My House Guide to Sustainable, Simple, and Healthy Living
Right now I live off the grid in a very tiny house. I’ve taken earth-friendly living much further than I’d ever imagined–and to many, my way of life is extreme. Of course I know we’re not all going to live off the grid in tiny houses and most of us aren’t going to drastically change our lives overnight. But not that long ago when I started to live a more earth-friendly life, I had a typical apartment and lived a pretty typical life. My transformation started with small changes to the way I was used to doing things, and just kept growing from there.
This is my house guide to sustainable, simple, and healthy living. These were all the building blocks that took me from Drunk Dude to Dude Making a Difference. All of these practices are good for the Earth, your community, and yourself and create health and happiness for all humans and creatures. I recommend making a list of all the things you want to start doing from this guide and hanging it on a prominent place on your wall. Start with the easier things that you can enjoy doing and then move to the more challenging ones. With each little success, you’ll feel more empowered to tackle the next challenge, and it will become more enjoyable and more exciting as you go! It’s all about taking it one day and one step at a time to get to where you want to be.
Around the House…
-Do your best to create minimal waste. You can do this simply by following the 3 R’s- Reduce, Reuse, and Recycle. It’s important to follow them in that order. Compost all of your food scraps and yard waste. Make a goal of filling your garbage can less often. If you want to set an ambitious goal, get rid of your garbage can all together!

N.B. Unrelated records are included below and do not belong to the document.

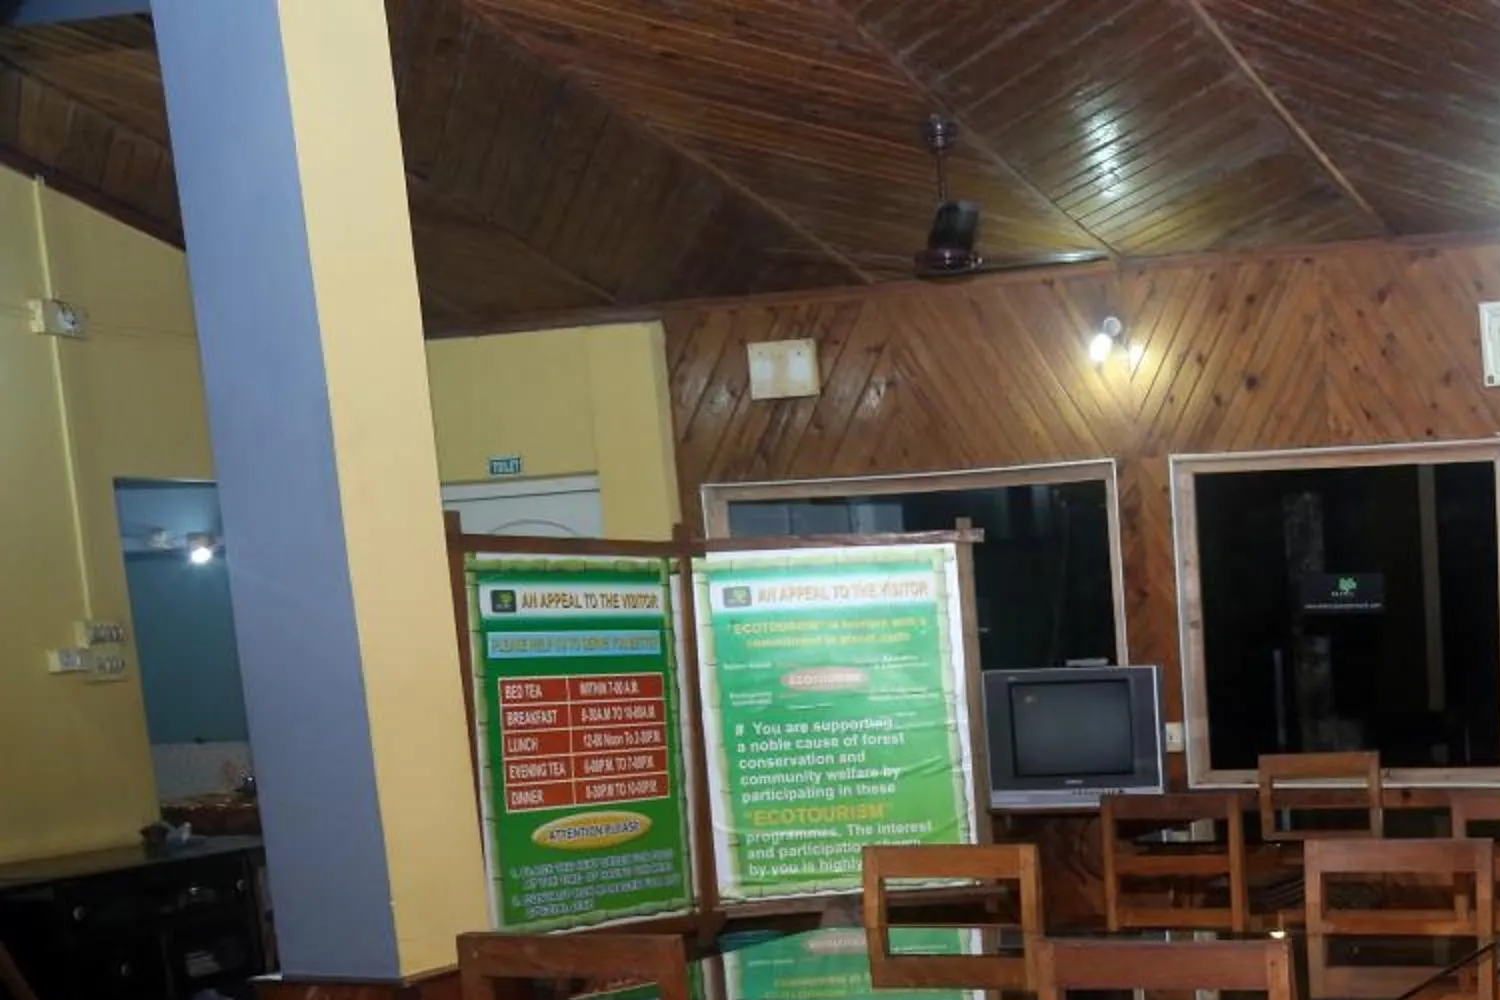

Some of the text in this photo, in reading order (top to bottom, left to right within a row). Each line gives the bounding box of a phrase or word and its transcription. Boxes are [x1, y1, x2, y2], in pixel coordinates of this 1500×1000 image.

[539, 592, 582, 609] APPEAL
[584, 592, 598, 609] TO
[600, 592, 620, 609] THE
[779, 586, 830, 602] APPEAL
[832, 585, 849, 600] TO
[505, 684, 543, 699] BED TEA
[506, 709, 558, 726] BREAKFAST
[752, 721, 781, 736] You
[785, 723, 808, 734] are
[813, 715, 893, 735] supporting
[507, 737, 539, 753] LUNCH
[737, 731, 905, 753] a noble cause of forest
[738, 750, 866, 770] conservation and
[509, 761, 567, 779] EVENING TEA
[740, 765, 900, 787] community welfare by
[511, 789, 545, 805] DINNER
[742, 782, 896, 804] participating in these
[846, 822, 873, 837] The
[877, 819, 932, 835] interest
[747, 846, 775, 860] and
[779, 842, 862, 859] participatio
[749, 863, 766, 878] by
[772, 862, 799, 876] you
[803, 861, 815, 873] is

-Conserve electricity. Turn off everything when not in use. Unplug everything from the walls when not using it. Use natural lighting by opening windows during the day. Use LED or CFL bulbs rather than incandescent.
-Conserve Water. This comes down to simply being conscious and using only what we need. You can:
-Flush the toilet less. If it’s yellow, let it mellow.

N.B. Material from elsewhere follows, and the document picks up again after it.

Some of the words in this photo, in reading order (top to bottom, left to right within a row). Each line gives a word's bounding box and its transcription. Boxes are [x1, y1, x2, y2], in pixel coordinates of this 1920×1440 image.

-Wash clothes less often and in full loads. Wear your clothes more than once.
-Take shorter and fewer showers.
-Shut off the faucet when you’re not using it.

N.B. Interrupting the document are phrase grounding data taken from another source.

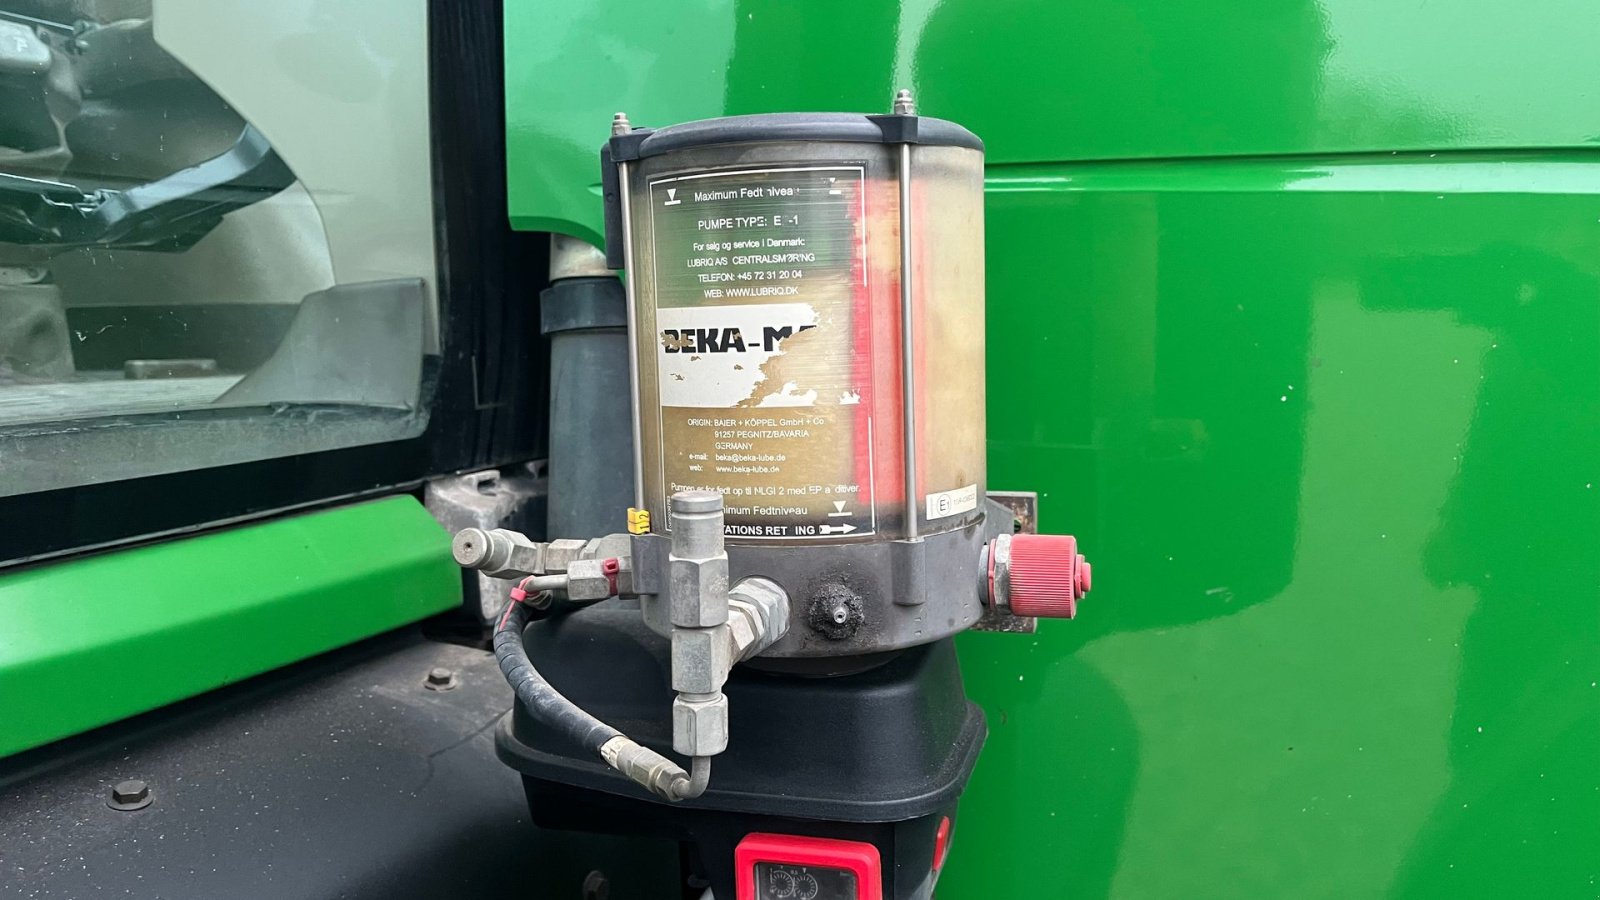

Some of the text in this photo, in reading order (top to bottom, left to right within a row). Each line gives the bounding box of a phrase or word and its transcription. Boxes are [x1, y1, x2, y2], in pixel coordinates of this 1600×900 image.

[694, 190, 738, 202] Maximum
[698, 215, 799, 230] PUMPE TYPE: E-1
[693, 242, 704, 252] For
[706, 241, 720, 252] salg
[721, 242, 732, 252] og
[733, 240, 760, 249] service
[687, 257, 715, 268] LUBRIQ
[715, 256, 728, 266] A/S
[698, 269, 803, 283] TELEFON: +45 72 31 20 04
[704, 286, 799, 298] WEB: WWW.LUBRIQ.DK
[664, 325, 817, 353] BEKA-M
[687, 418, 713, 427] ORIGIN:
[714, 419, 736, 427] BAIER
[744, 417, 778, 427] KÖPPEL
[779, 417, 804, 426] GmbH
[812, 417, 824, 425] Co
[714, 429, 809, 439] 91257 PEGNITZ/BAVARIA
[715, 442, 753, 450] GERMANY
[715, 453, 786, 463] beka@beka-lube.de
[715, 465, 780, 473] www.beka-lube.de
[717, 485, 731, 495] fedt
[733, 488, 743, 497] op
[754, 486, 776, 495] NLGI
[778, 486, 785, 495] 2
[787, 486, 806, 495] med
[809, 485, 822, 494] EP
[753, 505, 808, 515] Fedtniveau
[724, 525, 815, 535] ATIONS RETING
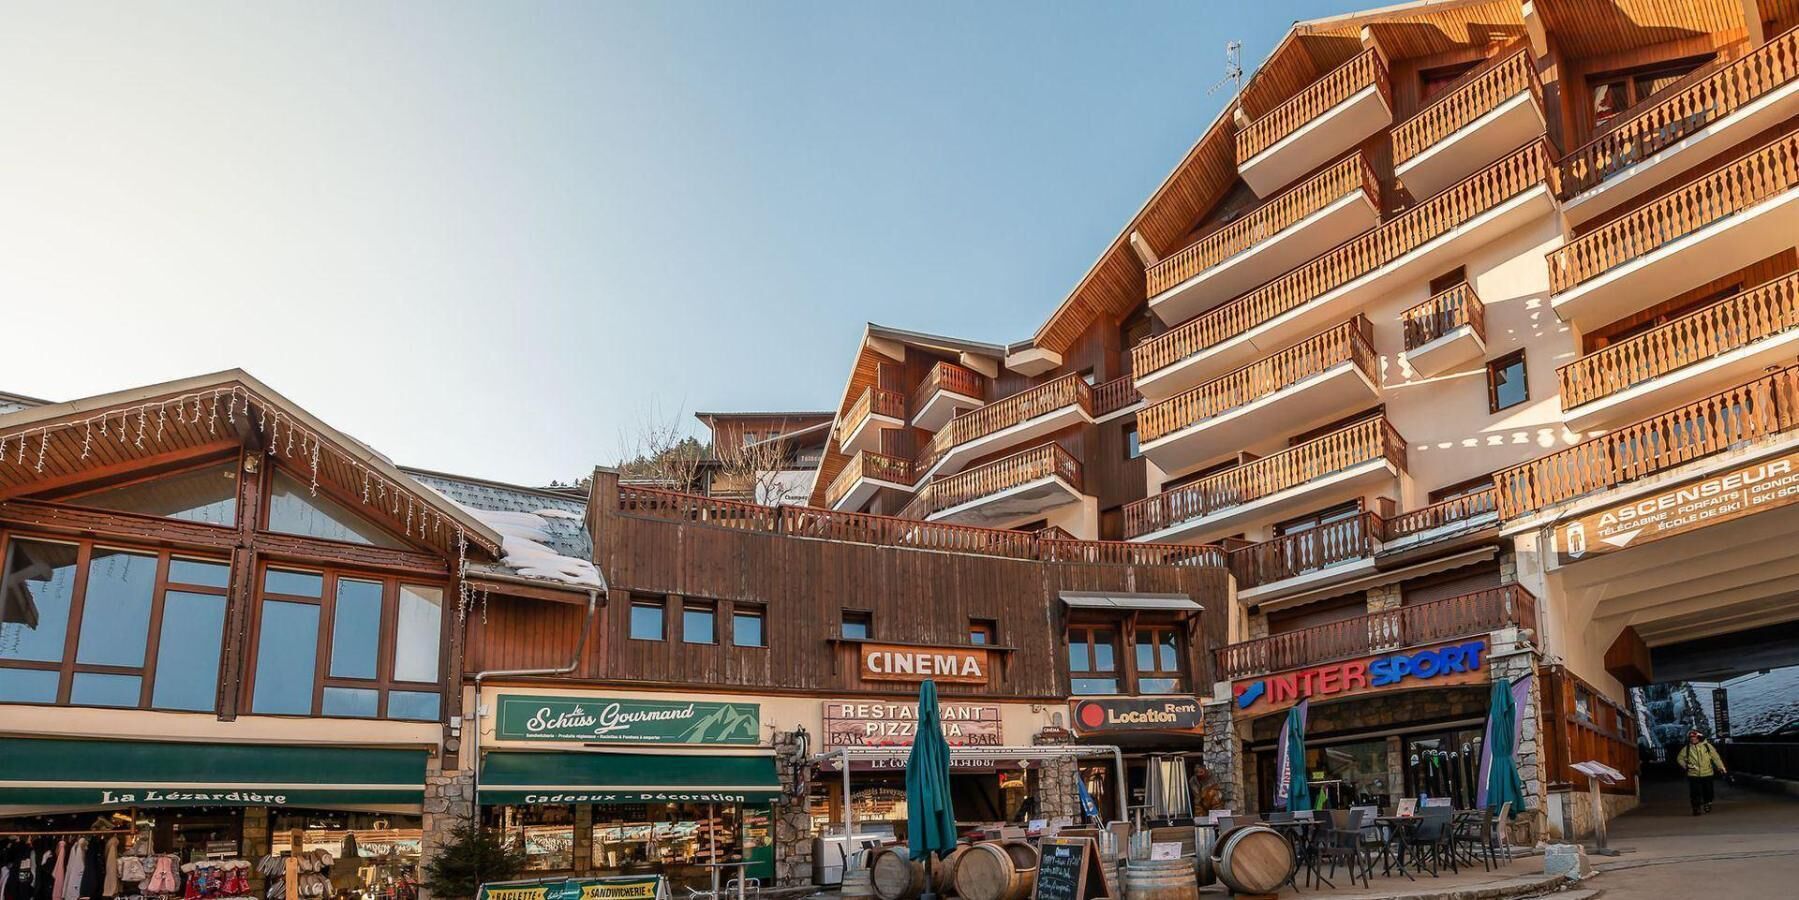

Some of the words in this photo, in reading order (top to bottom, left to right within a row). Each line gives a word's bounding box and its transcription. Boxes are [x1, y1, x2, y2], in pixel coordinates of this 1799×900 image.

[1598, 459, 1791, 528] ASCENSEUR
[1753, 492, 1775, 505] SKI
[1598, 512, 1668, 536] TÉLÉCABINE
[1678, 491, 1740, 514] FORFAITS
[1657, 514, 1698, 531] ÉCOLE
[1700, 511, 1716, 521] DE
[1716, 501, 1741, 516] SKI
[866, 651, 982, 677] CINEMA
[1265, 640, 1484, 704] INTERSPORT
[841, 704, 984, 721] RESTAANT
[1165, 703, 1196, 713] Rent
[526, 707, 596, 732] Schuss
[594, 702, 694, 734] Gourmand
[1108, 708, 1177, 724] Location
[865, 722, 963, 737] PIZZIA
[830, 732, 864, 745] BAR
[968, 733, 1000, 745] BAR
[871, 759, 887, 769] LE
[101, 790, 135, 805] La
[144, 791, 287, 804] Lézardière
[525, 793, 616, 804] Cadeaux
[640, 793, 745, 803] Décoration
[590, 886, 646, 898] SANDWICHERIE

-Grow food instead of lawns.
-Fix any leaks you have.
-Install efficient shower heads, faucets, and toilets.
-Avoid any one-time use items. This includes napkins, paper towels, garbage bags, tin foil, shrink wrap, etc. If anything is going to be used only one time find an alternative that is long lasting. Instead of napkins and paper towels, for example, use wash clothes.
-Use natural cleaning products. Ditch all of the cleaning products with chemicals and get natural one.
-Practice natural hygiene and medicine. A lot of what you think you need, well, you really don’t. And there’s definitely a more natural, less toxic alternative for everything that you do need. Ditch all the body care items that have toxins in them! A healthy diet and exercise will do wonders for your personal hygiene and your health. Watch the Story of Cosmetics to see what inspired me!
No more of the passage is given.